- [YOUR GOAL]:
Hand back the entries exactly as written, minus every picture.

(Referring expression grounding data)
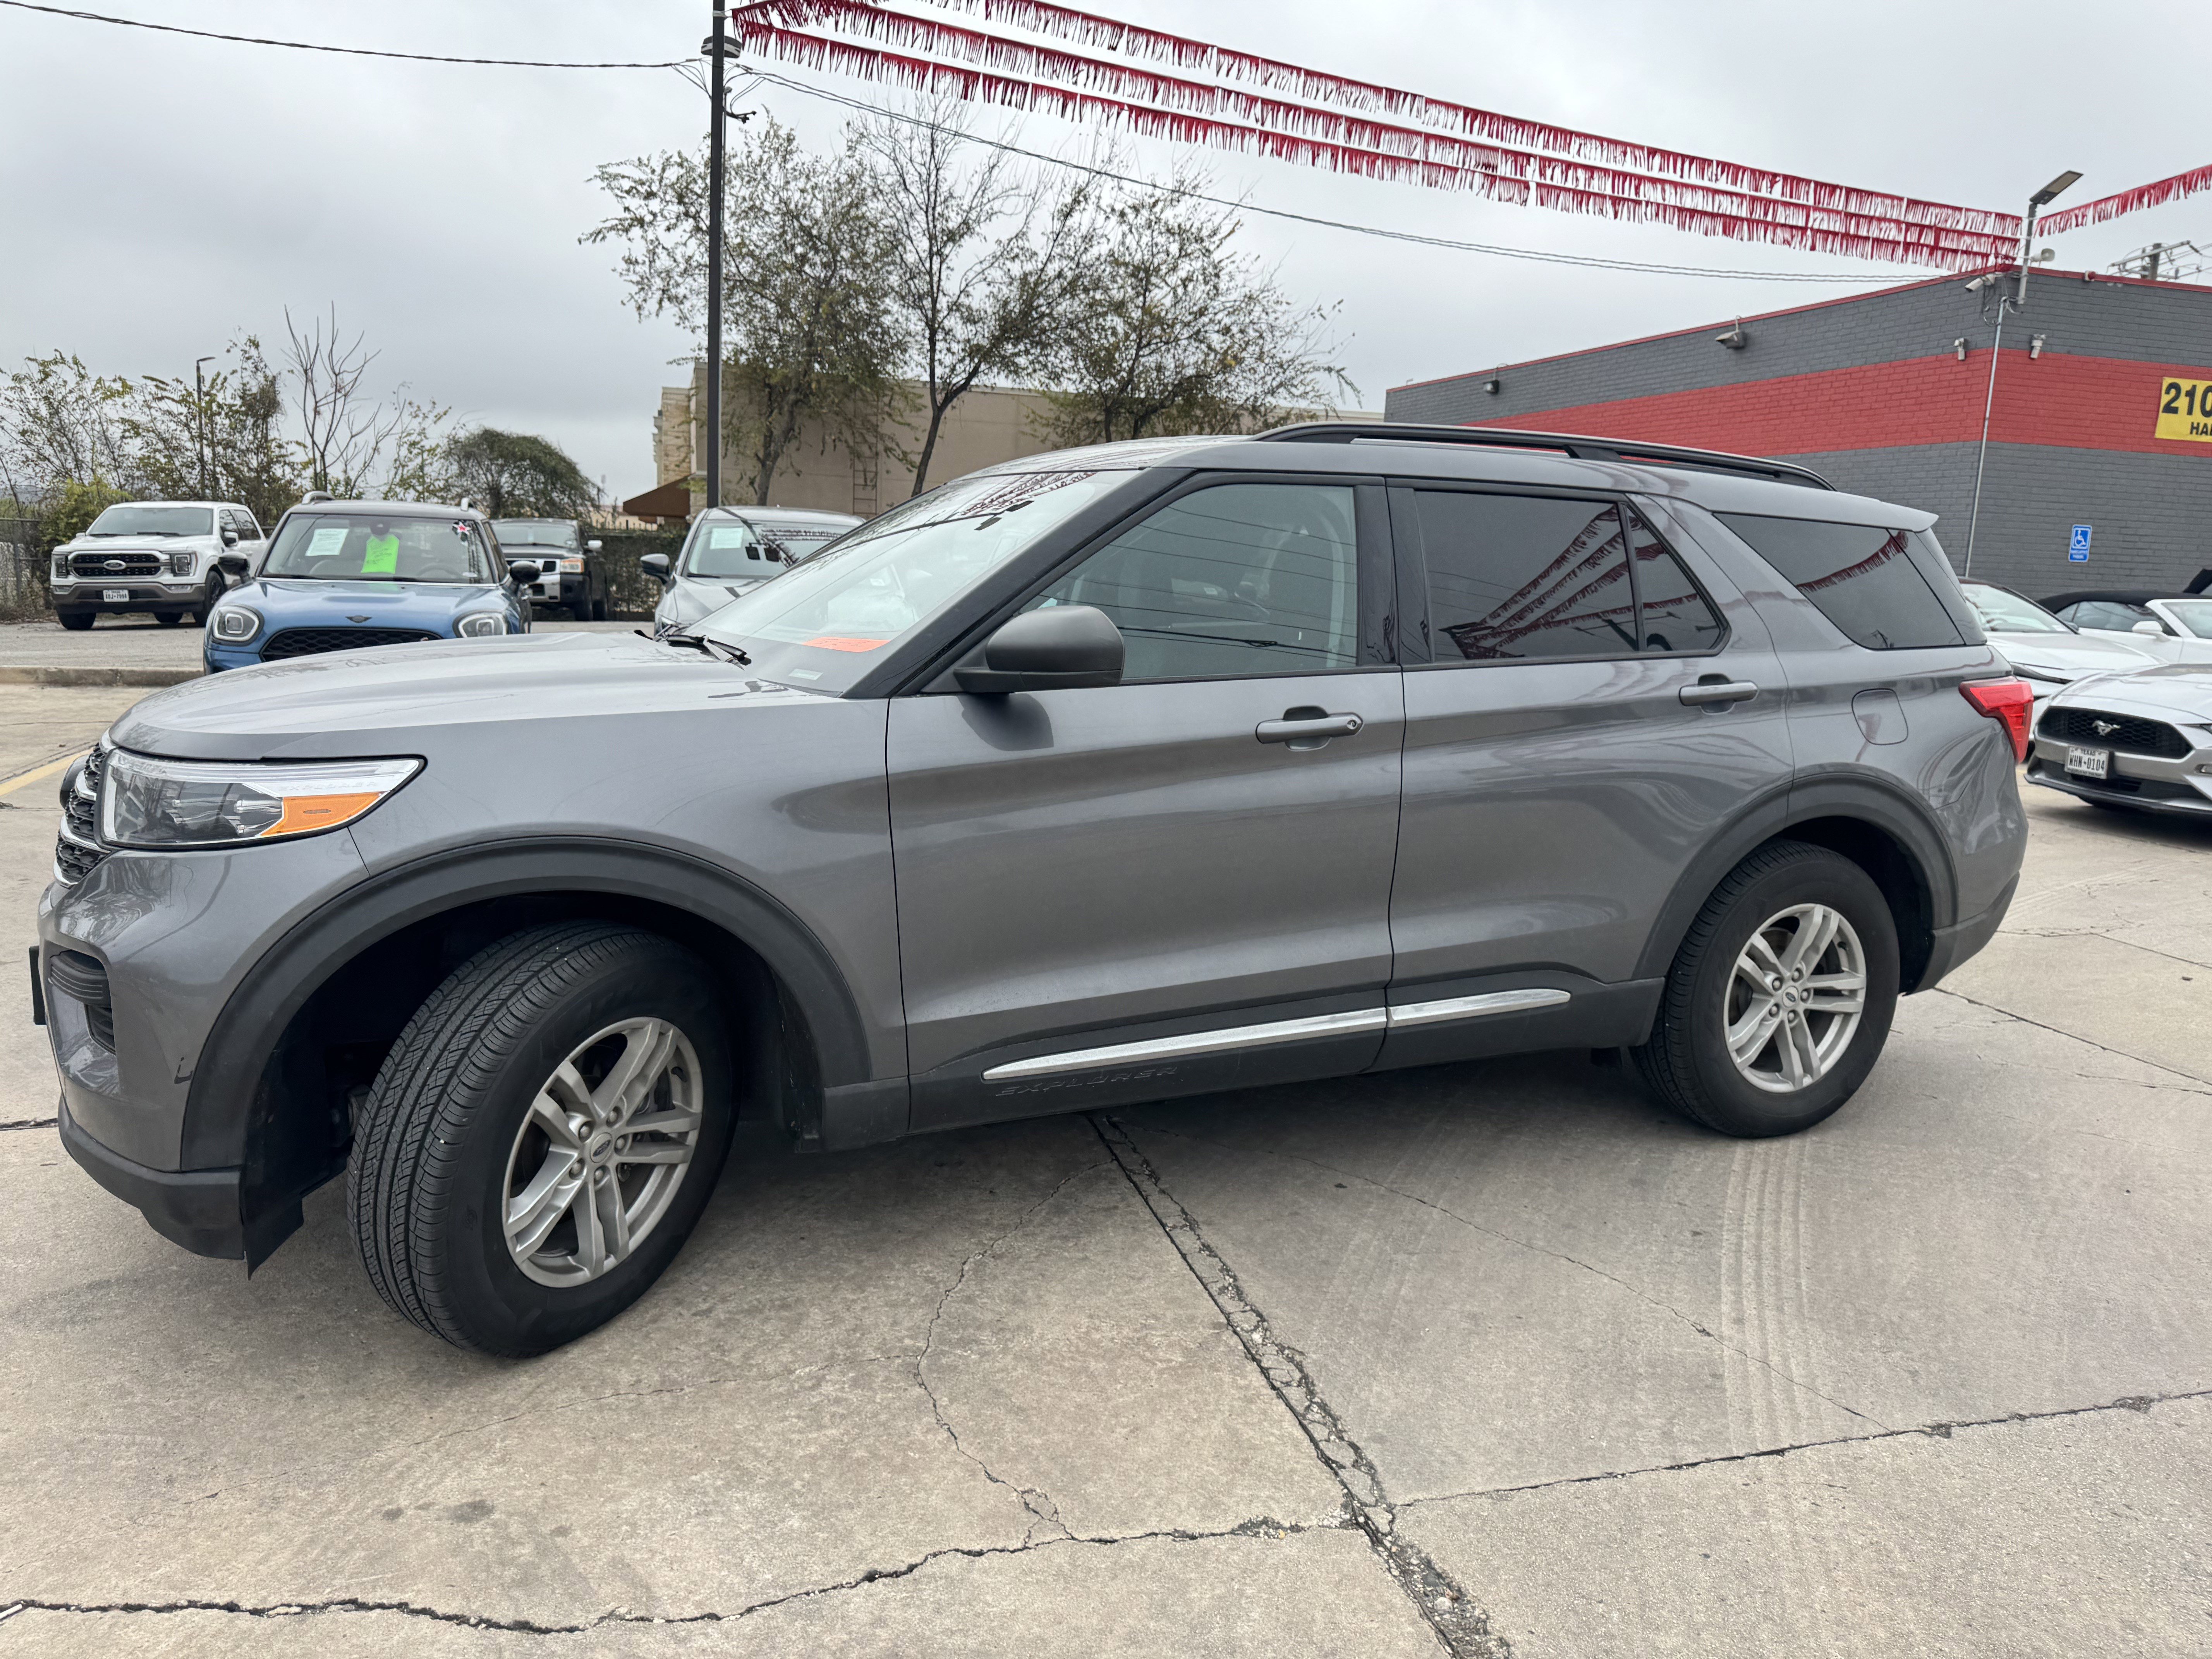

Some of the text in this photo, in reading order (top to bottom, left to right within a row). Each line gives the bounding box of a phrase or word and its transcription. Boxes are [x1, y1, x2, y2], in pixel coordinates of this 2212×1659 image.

[2162, 382, 2212, 418] 210
[2190, 422, 2212, 436] HA
[278, 781, 378, 792] EXPLORER
[995, 1066, 1178, 1096] EXPLORER

- [RESPONSE TO THE TASK]:
Some of the text in this photo, in reading order (top to bottom, left to right within a row). Each line gives the bounding box of a phrase or word and its transcription. Boxes are [x1, y1, x2, y2], in pixel coordinates of this 2212×1659 image.

[2162, 382, 2212, 418] 210
[2190, 422, 2212, 436] HA
[278, 781, 378, 792] EXPLORER
[995, 1066, 1178, 1096] EXPLORER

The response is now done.